[DO NOT PUBLISH]
IN THE UNITED STATES COURT OF APPEALS
FOR THE ELEVENTH CIRCUIT FILED
________________________ U.S. COURT OF APPEALS
ELEVENTH CIRCUIT
No. 09-10140 APRIL 1, 2010
________________________ JOHN LEY
CLERK
D. C. Docket No. 07-00872-CV-ORL-DAB
ROBERT DAWLEY,
Plaintiff-Counter-
Defendant-Appellee,
versus
NF ENERGY SAVING CORP. OF AMERICA,
Defendant-Counter-
Claimant-Appellant,
LI GANG, CEO,
Defendant,
SAMUEL WINER,
Counter-Defendant.
________________________
Appeal from the United States District Court
for the Middle District of Florida
_________________________
(April 1, 2010)
Before TJOFLAT, PRYOR and MARTIN, Circuit Judges.
PER CURIAM:
NF Energy Saving Corp. of America, Inc. (“NF Energy”) appeals the district
court’s entry of judgment in the favor of Plaintiff, Robert L. Dawley. After review
and oral argument, we reverse and render judgment in favor of NF Energy.
I.
Mr. Dawley, who proceeded pro se in the district court,1 entered into a series
of transactions with NF Energy.2 Two are relevant to this appeal. First, Mr.

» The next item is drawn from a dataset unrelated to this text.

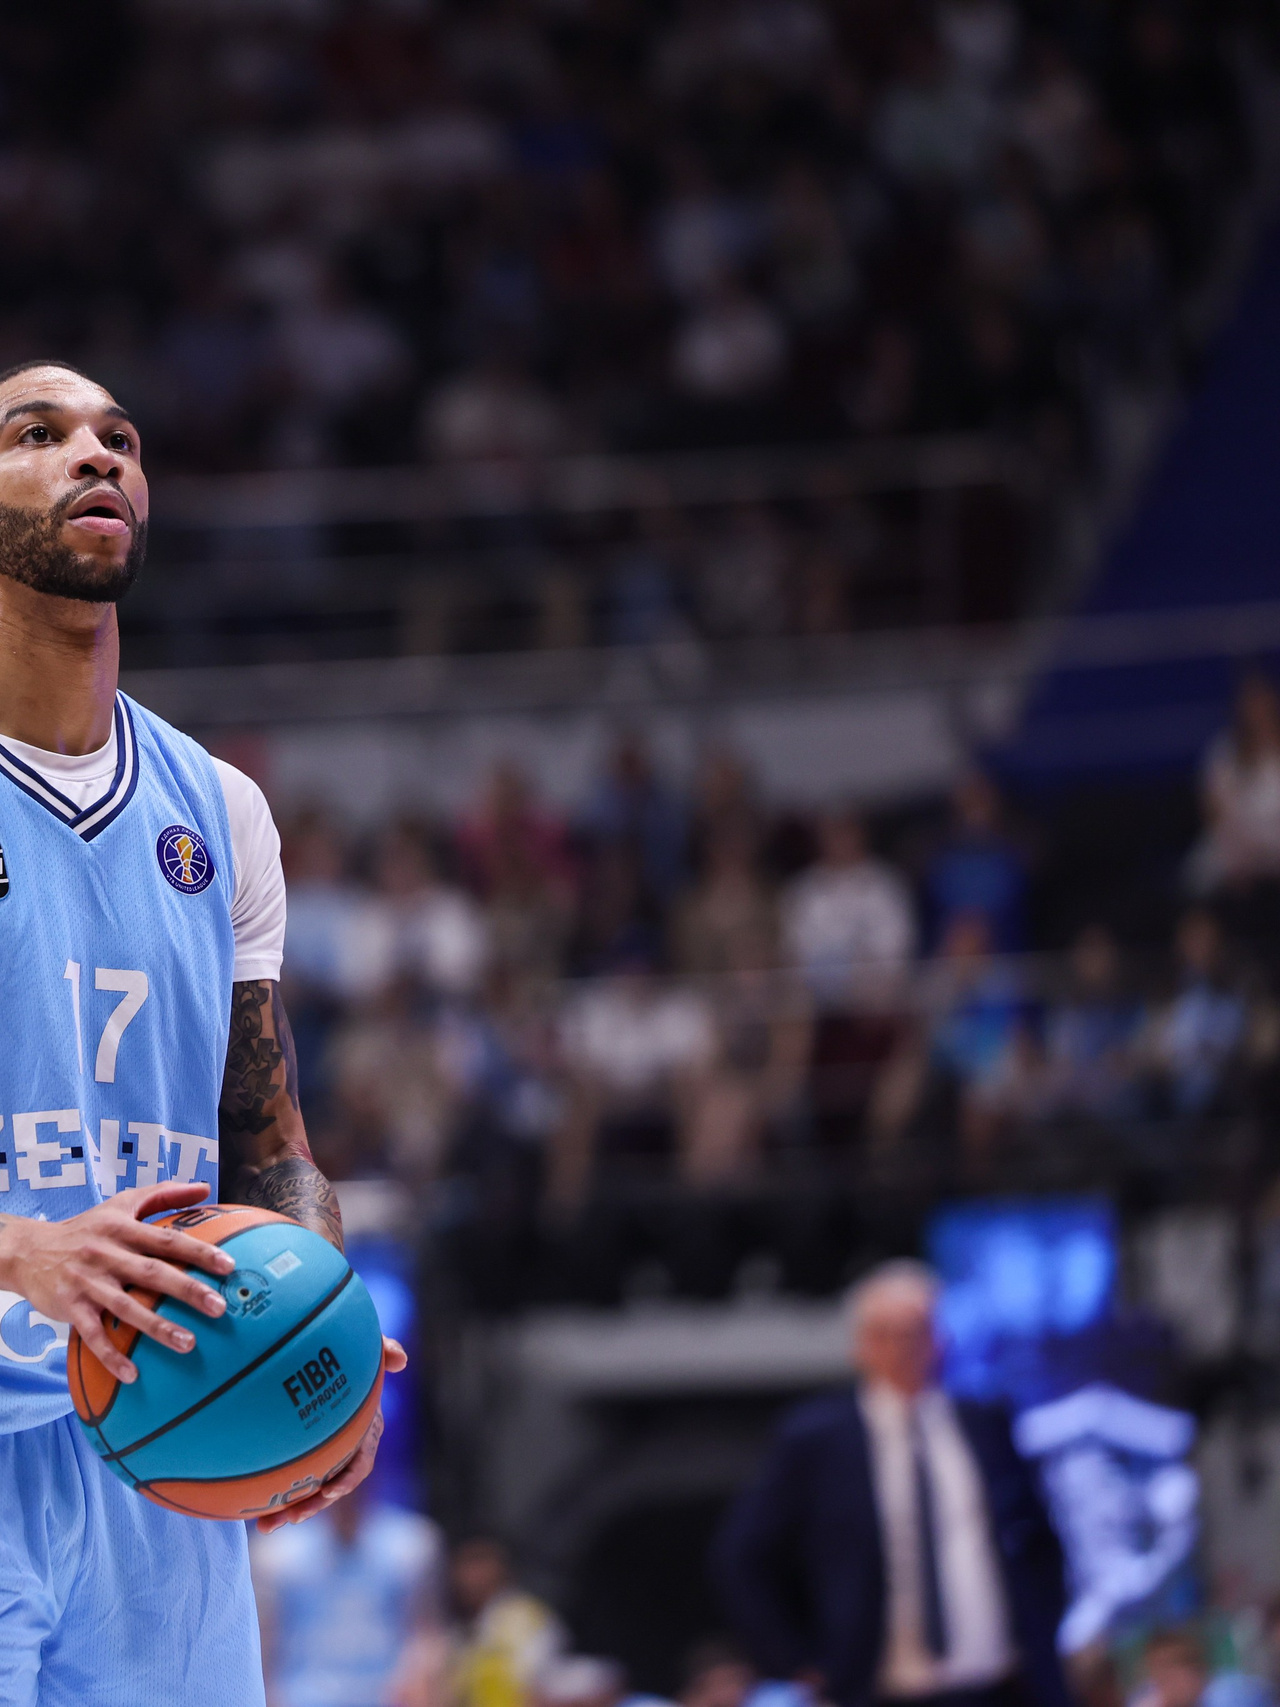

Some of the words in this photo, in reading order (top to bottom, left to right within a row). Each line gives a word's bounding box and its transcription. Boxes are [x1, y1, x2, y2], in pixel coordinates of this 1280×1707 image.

[63, 959, 149, 1083] 17
[283, 1346, 341, 1407] FIBA
[298, 1373, 348, 1420] APPROVED
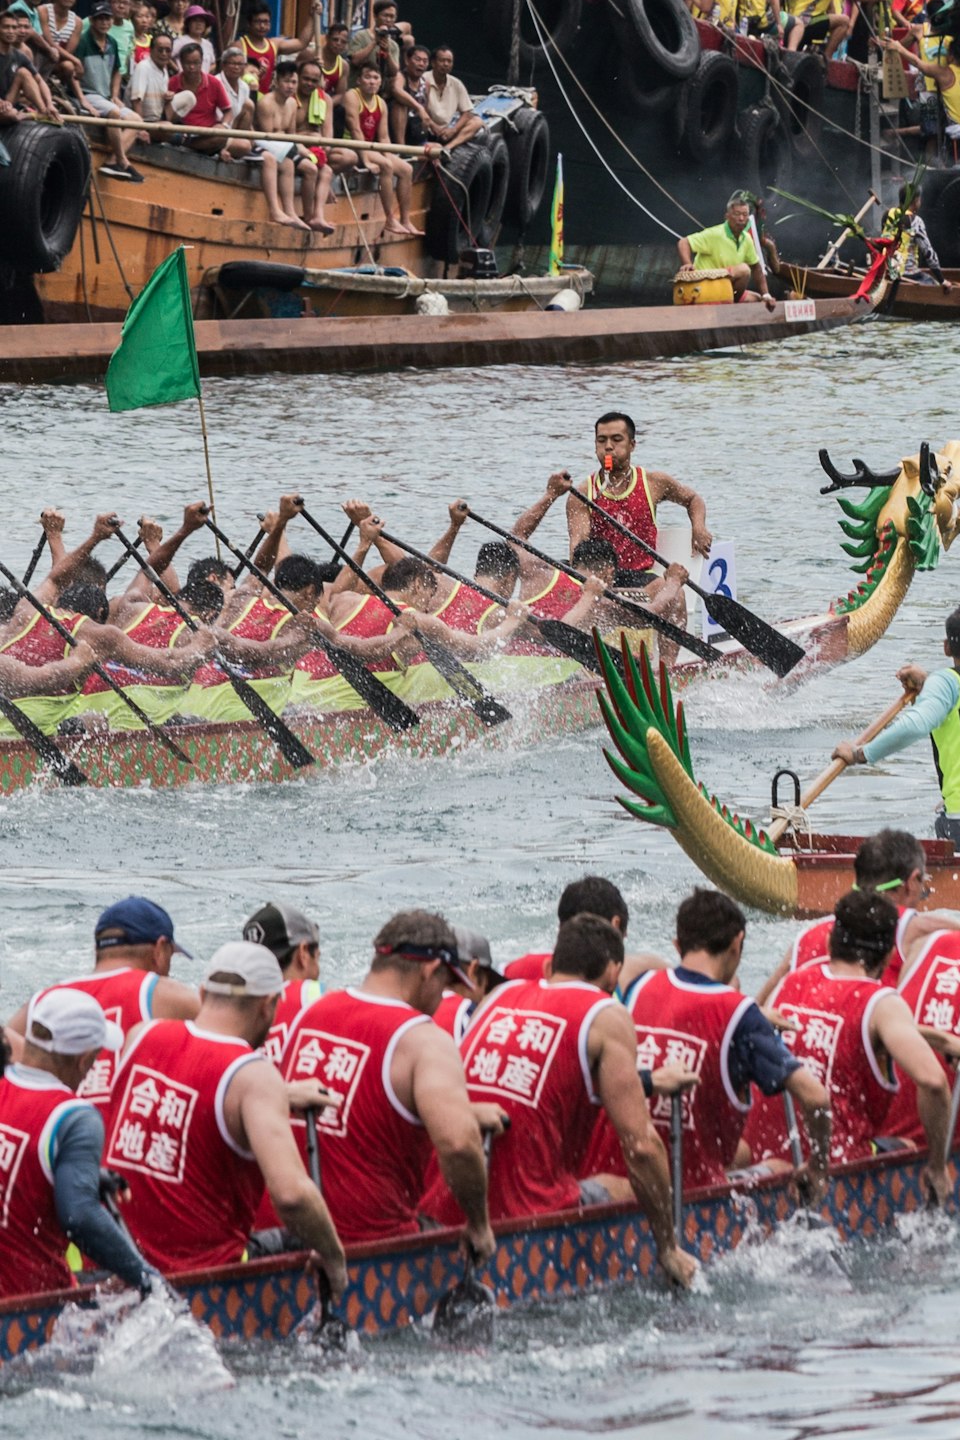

Dawley loaned NF Energy a total of $400,000, which was secured by two
“convertible secured promissory notes” for $200,000 each. As amended, the notes
were materially identical. Each was to accrue interest at a rate of 12% per year.
Each provided that Mr. Dawley could, at his option, elect to receive payment in the
form of company stock at a conversion rate of $0.10 per share. And finally, each
provided that NF Energy could repay the principal at any time, but would be
obligated for the full amount of interest due under the note.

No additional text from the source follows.